Effect of IL17 Inhibitor in Comparison With Anti-TNF in Patients With Ankylosing Spondylitis

October 27, 2024 updated by: Manar Gamal Abdelfattah, Sohag University

Effect of IL17 Inhibitor in Comparison With Anti-TNF- α on Platelet Count and Its Association With Disease Activity in Patients With Ankylosing Spondylitis

Ankylosing spondylitis (AS) is a chronic, inflammatory autoimmune disease characterized by axial bone inflammation. The main clinical manifestations include back pain and progressive spinal rigidity, as well as inflammation of the hips, shoulders, and peripheral joints. Also, extra-articular manifestations, such as psoriasis, uveitis, and inflammatory bowel disease (IBD).

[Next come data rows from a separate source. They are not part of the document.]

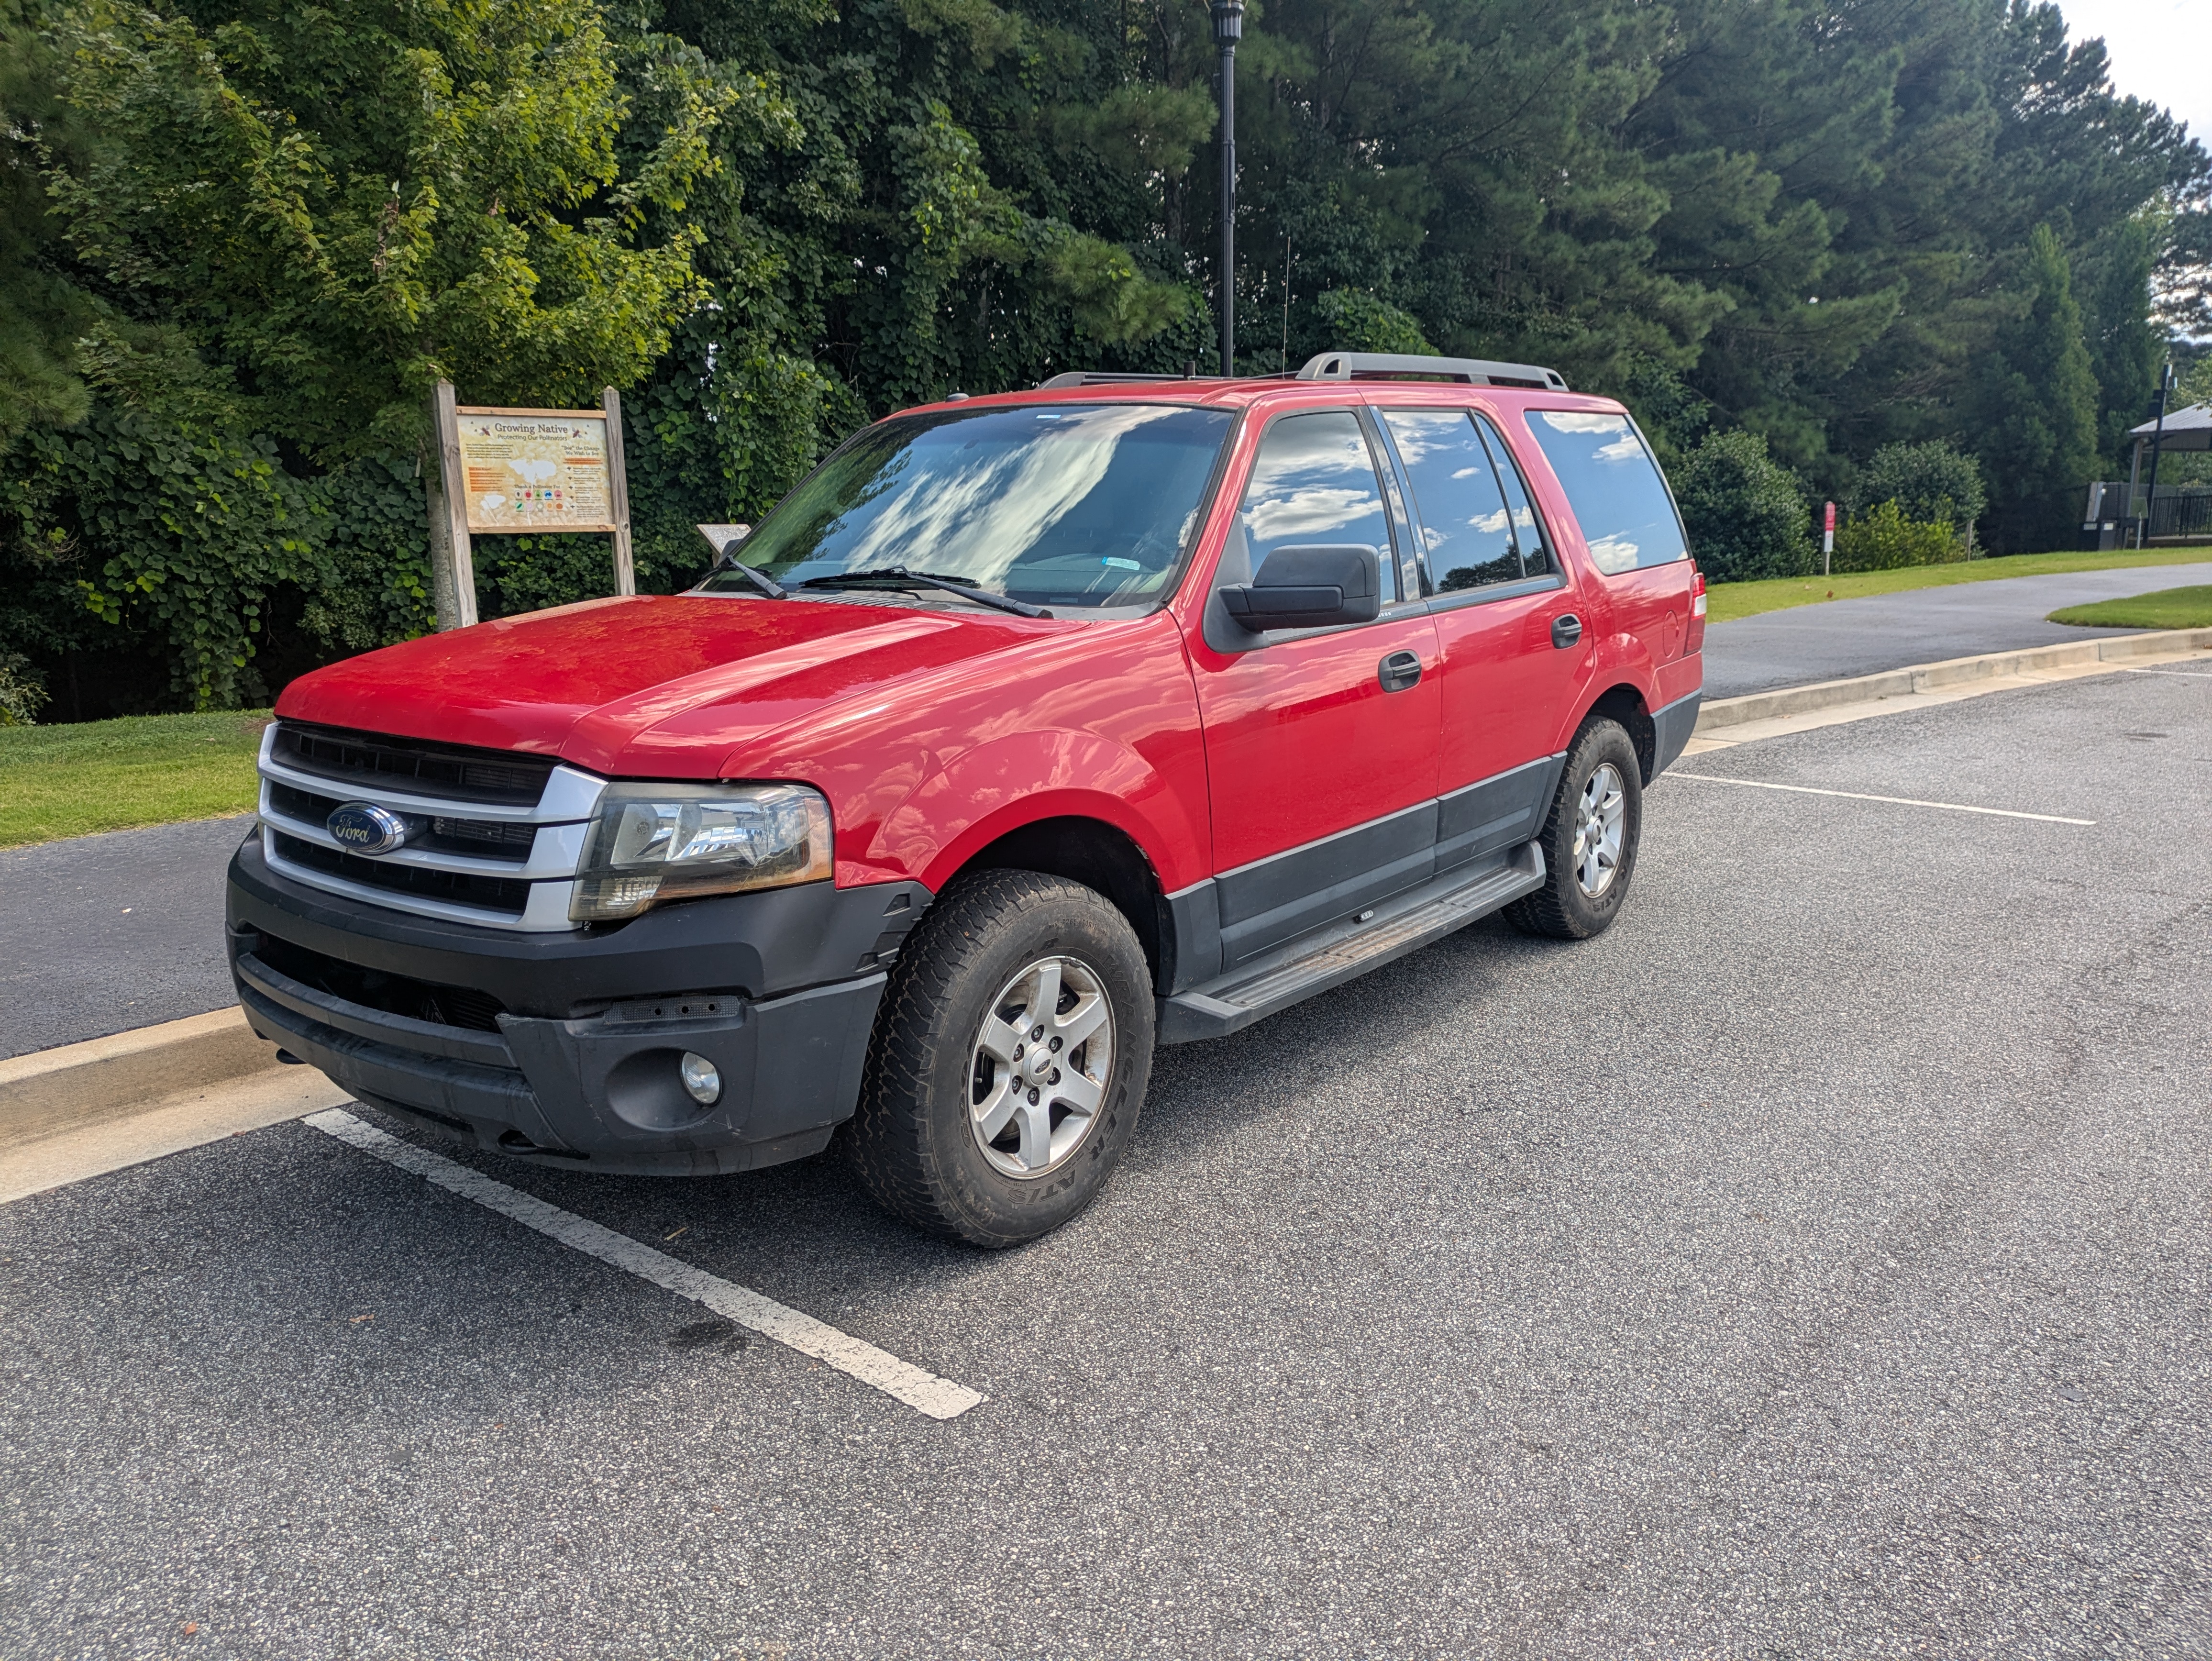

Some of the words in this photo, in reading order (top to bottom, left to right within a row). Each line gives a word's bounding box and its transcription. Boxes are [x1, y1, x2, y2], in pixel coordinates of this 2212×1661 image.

[495, 423, 535, 435] Growing
[538, 424, 568, 433] Native
[336, 814, 371, 843] Ford
[1090, 953, 1137, 1162] WRANGLER
[1007, 1169, 1075, 1206] AT/S
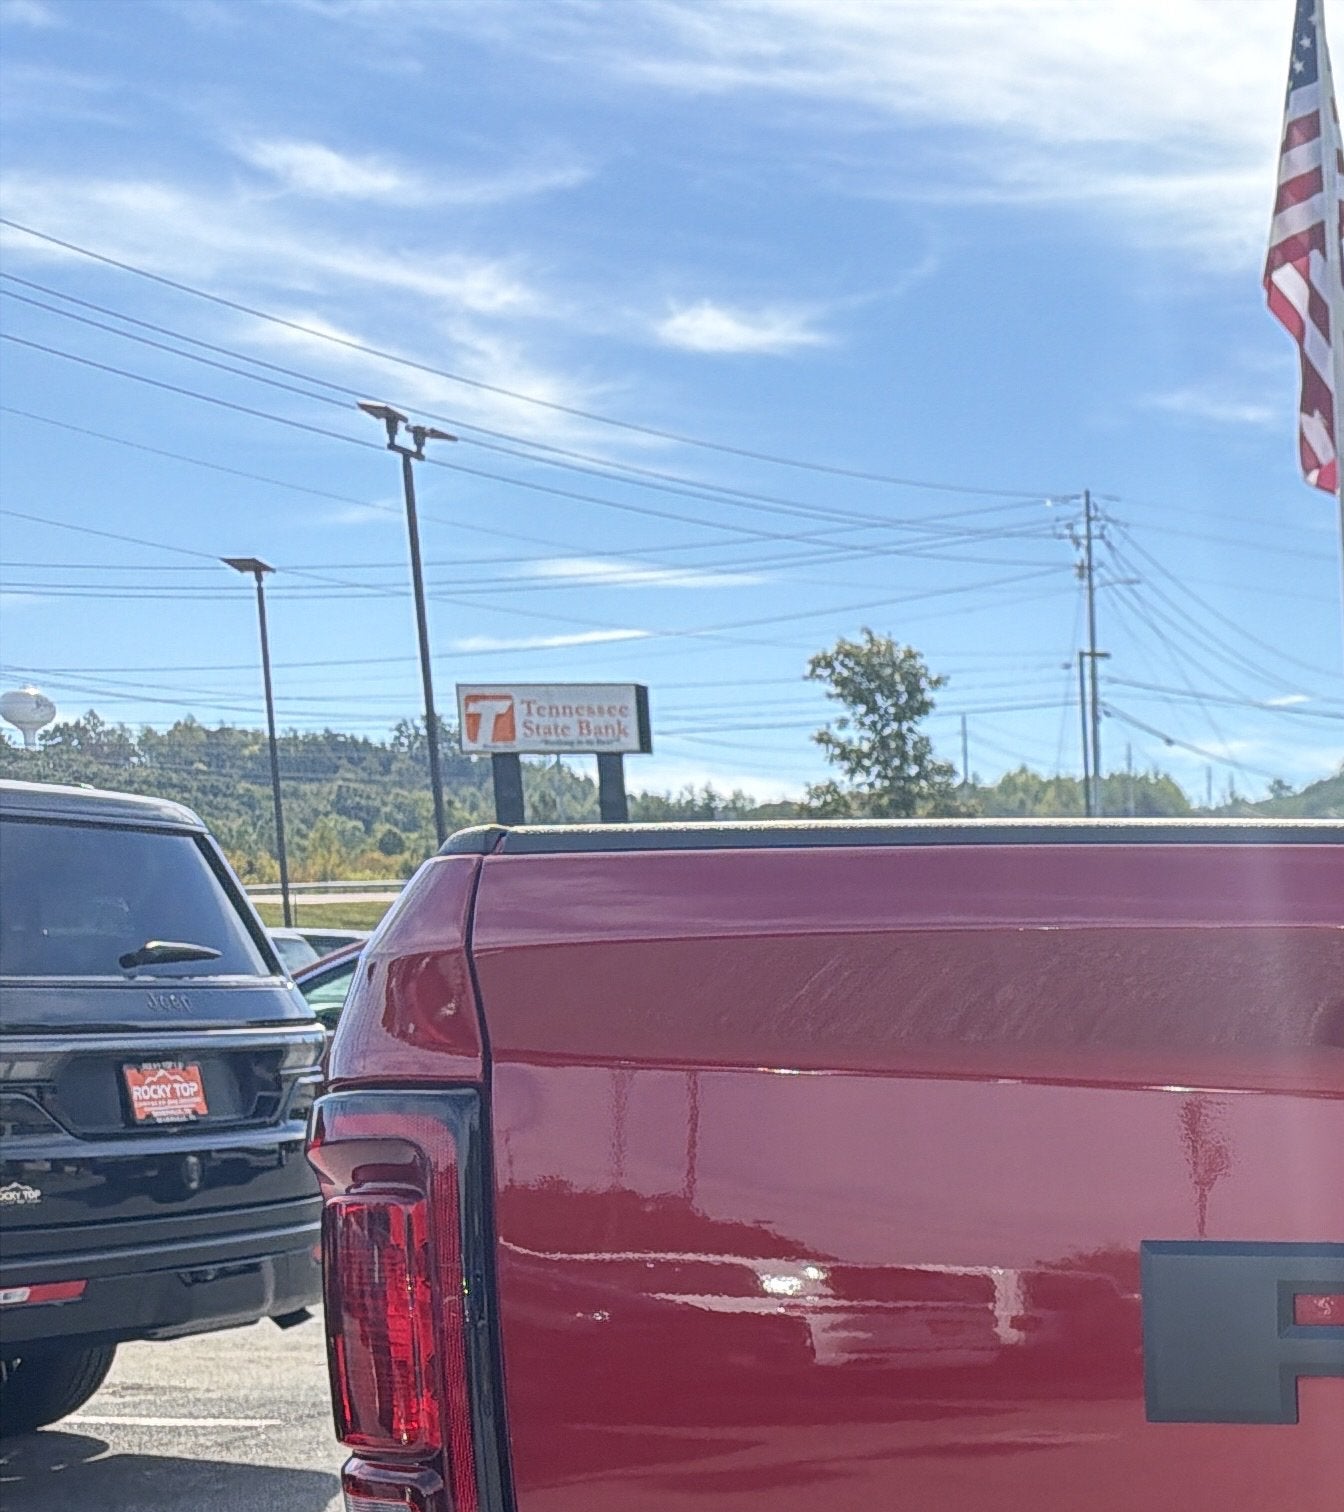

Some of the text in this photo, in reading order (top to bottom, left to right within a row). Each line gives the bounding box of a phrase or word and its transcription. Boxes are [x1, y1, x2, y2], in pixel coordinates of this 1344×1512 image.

[520, 700, 629, 718] Tennessee
[522, 719, 629, 738] State Bank
[147, 992, 193, 1014] Jeep
[132, 1081, 199, 1101] ROCKY TOP

Indicators of inflammation such as erythrocyte sedimentation rate (ESR) and Creactive protein (CRP), which are typically elevated in AS patients, particularly when peripheral joints are involved, these tests ultimately do not reflect the disease process and have limited sensitivity and specificity. Disease activity in AS has been measured by the Bath Ankylosing Spondylitis Disease Activity Index (BASDAI), which includes only patient-reported measures. The assessment of Spondyloarthritis International society (ASAS) developed a new AS disease activity score (ASDAS) that combines patient-reported assessments with erythrocyte sedimentation rate (ESR) or C-reactive protein (CRP). Although platelets play important functions in hemostasis and thrombosis, their functions in controlling immunity and inflammation have drawn more attention recently. Platelets are known to have a key role in controlling inflammatory processes in a variety of pathological states. Overactivated platelets can induce inflammation, which in turn can increase the risk of the development of atherosclerosis, thrombosis, and cardiovascular disorders. Inflammatory diseases, including inflammatory bowel disease (IBD), have platelets play a crucial role in their development. The first-line recommended treatment for active AS is NSAIDs.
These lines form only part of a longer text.